I'm losing my mind over this! I need to run a bunch of commands in parallel with a timeout, but I'm running into issues with different ways of executing a function in my script. I've tried several variations, but here's what I've got:
When I use the command `timeout 2 bash -c ". ${BASH_SOURCE}; function_inside_this_file "$count""`, it doesn't produce any output, even though everything seems to be set up correctly. On the other hand, using `timeout 2 bash -i -c ". ${BASH_SOURCE}; function_inside_this_file "$count""` gives me the expected result to the console. However, when I try to run this version in the background (adding `&`), the process just hangs indefinitely, and my script doesn't finish executing.
It's so frustrating because this command works fine: `timeout 2 bash -i -c ". ${BASH_SOURCE}; function_inside_this_file "$count"; exit;"`, but it's slow! The combination of `timeout` and `&` just doesn't work for me. I don't get what's causing the issue here with the `&` operator and why it leads to a stall. There has to be a way to run a function from a script file with a timeout in the background, right?
4 Answers
Hey, I get your frustration! You might want to try exporting the function before calling it in the background. Like this: `export -f function_inside_this_file; timeout 2 bash -c function_inside_this_file &`. This way, the function will be accessible in the subshell when you run it. I've found that helps with similar issues. Just double-check if there are any side effects being missed too!
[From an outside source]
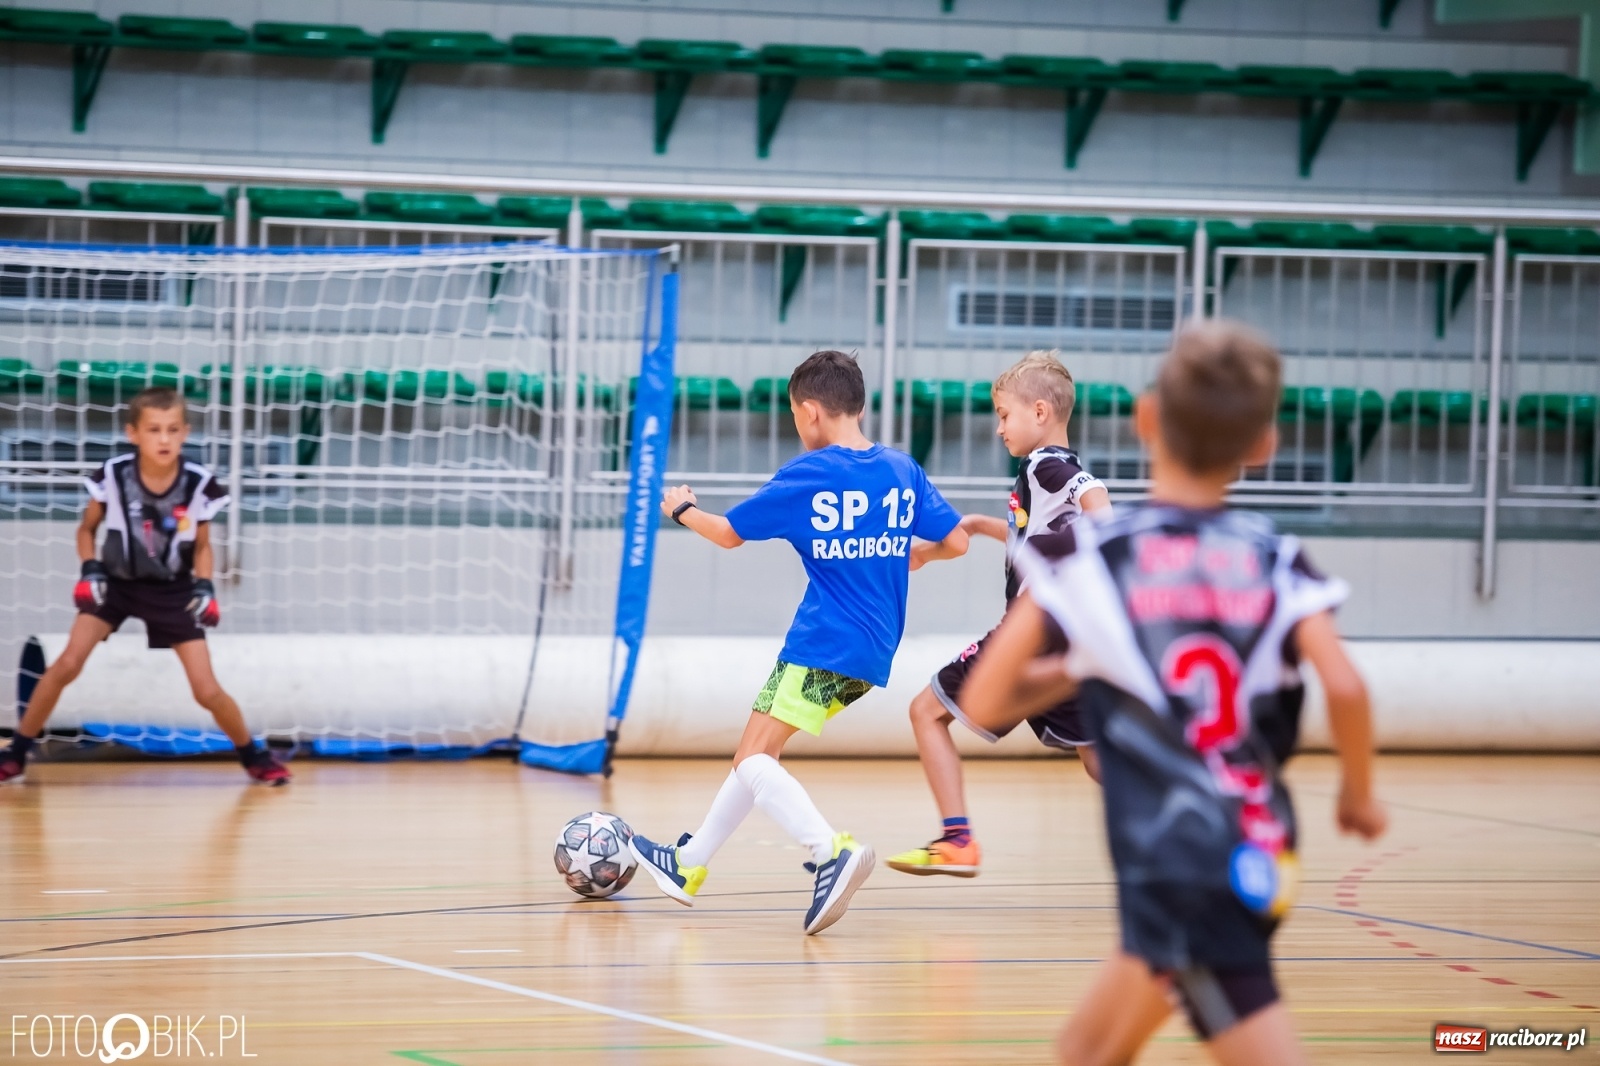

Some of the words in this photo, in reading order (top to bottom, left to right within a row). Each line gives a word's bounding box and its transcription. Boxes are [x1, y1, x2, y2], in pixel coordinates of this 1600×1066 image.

[810, 490, 869, 532] SP
[882, 487, 916, 529] 13
[812, 531, 909, 560] RACIBÓRZ
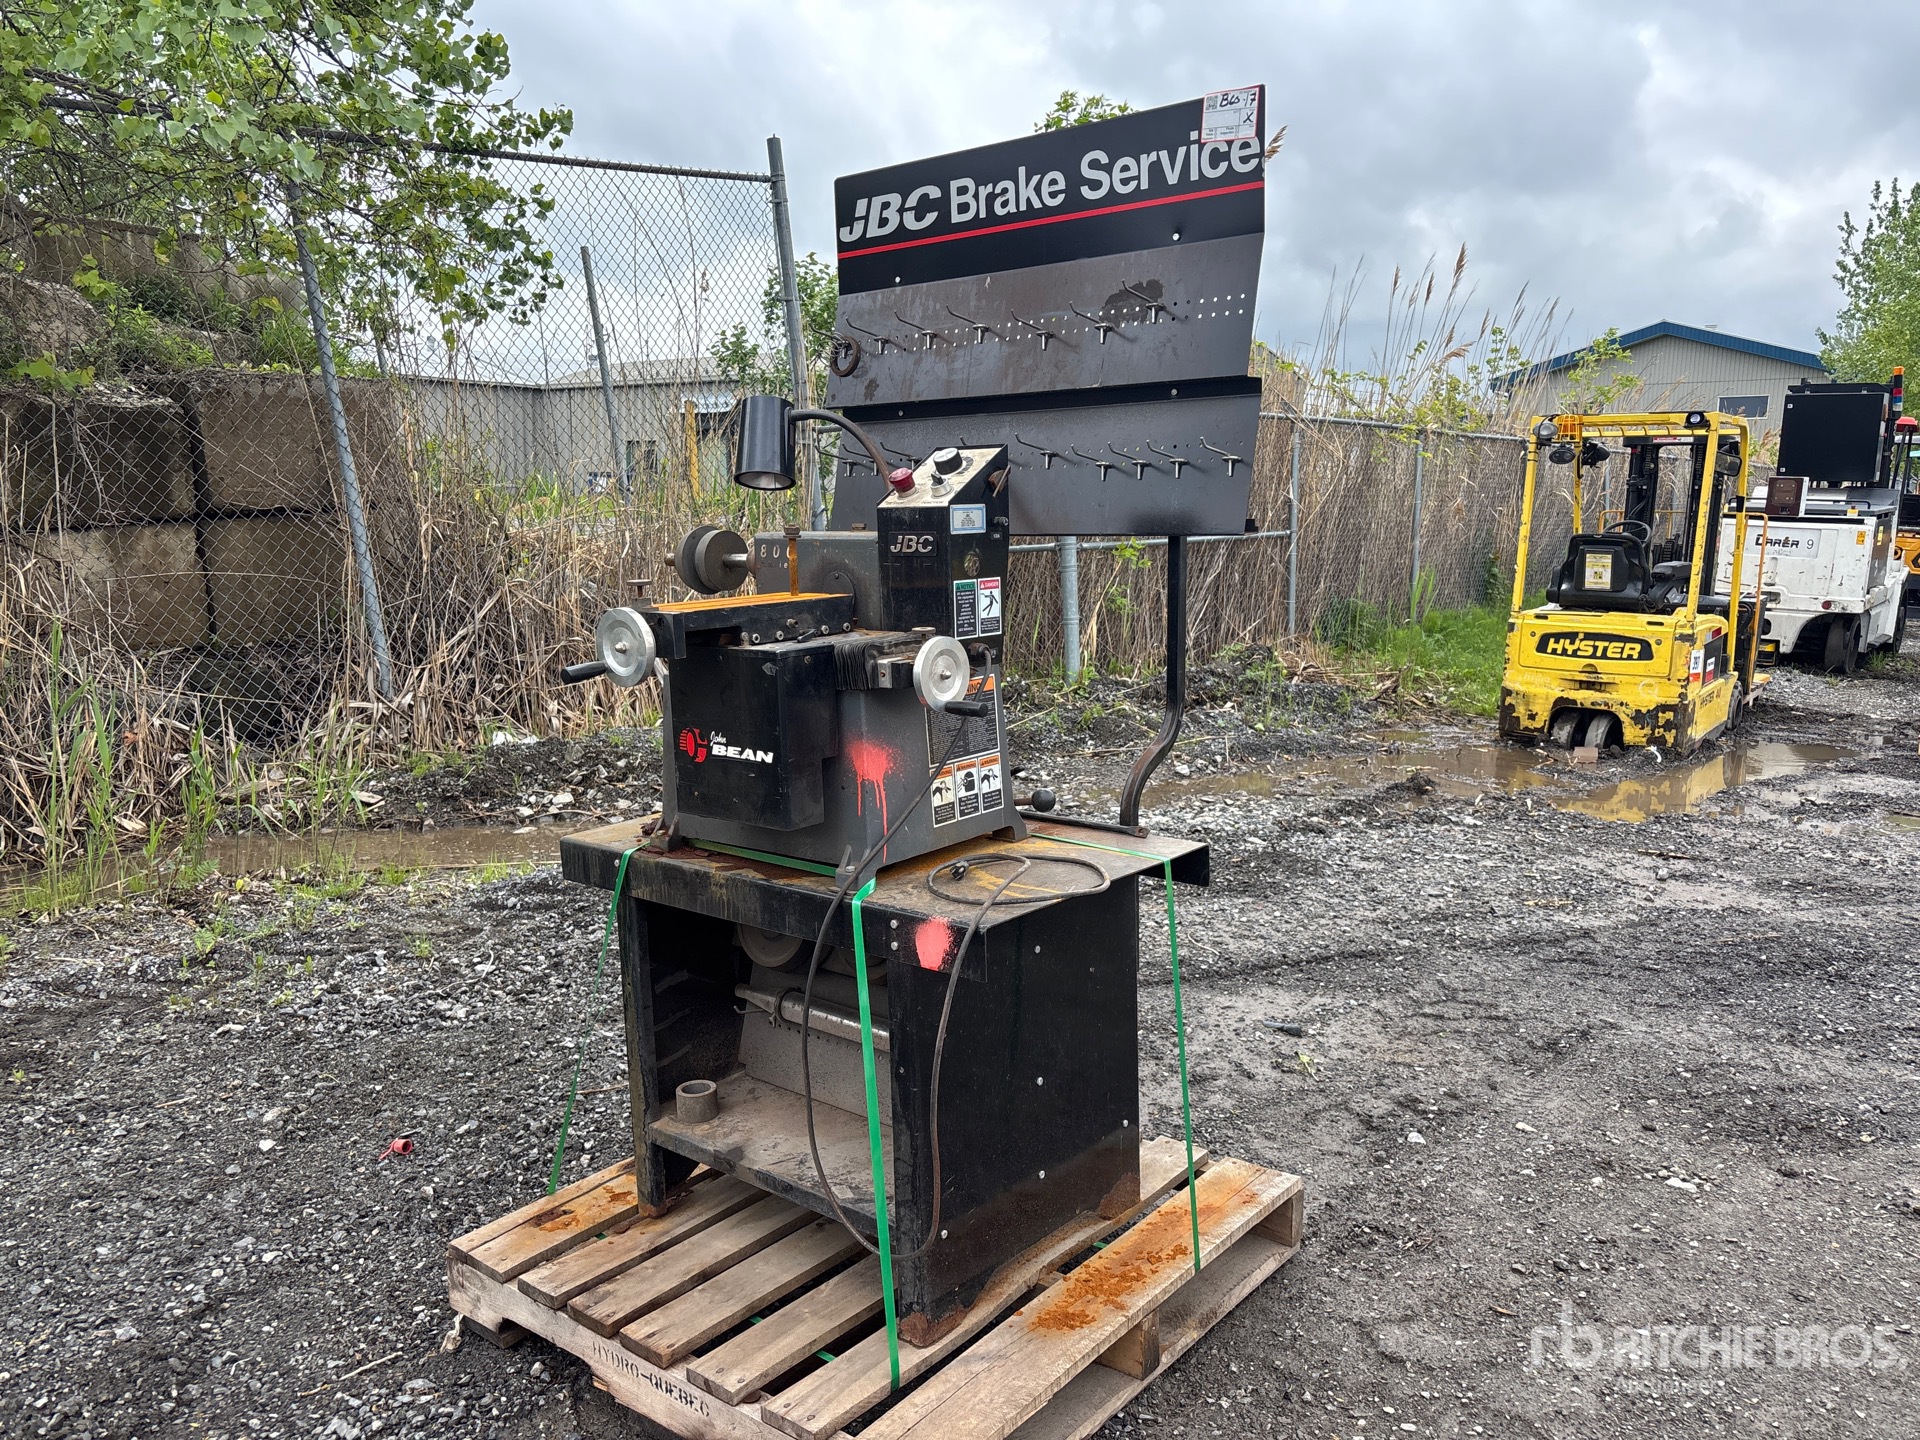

I think you could try writing your command like this:
```bash
#! /usr/bin/env bash
function quote() {
printf -- '%qn' "$1"
}
timeout 2 bash -c "source \$(quote "${BASH_SOURCE[0]}"); function_inside_this_file \$(quote "$count")"
```
This way, it handles any special characters in your script path. Give it a shot and let me know if it helps!
It looks like your use of quotation marks may be causing issues. You might want to expand the `$count` variable inside the quotes instead of outside. Why not try restructuring it? Also, can you clarify what `$count` contains? If it's crucial for the function's execution, it could explain a lot.
Right! `$count` just holds some numeric strings that represent the target machine IDs. The function needs those to work correctly, and the command runs just fine without the `&`. It's getting tricky to manage everything in parallel!
Also, just a heads up, you shouldn't assign a value to `BASH_SOURCE`. It could create confusion since that's a special variable in bash. Stick with lowercase variable names to avoid overriding shell variables. Just a little tip!
Thanks for the reminder! I never tried to assign it, just using it to source the script. It's just odd how the different versions give mixed results.
Tried that before, but it didn't work. Without the `-i` flag, the function just won't run when `timeout` is involved. It seems to hang at the function call itself.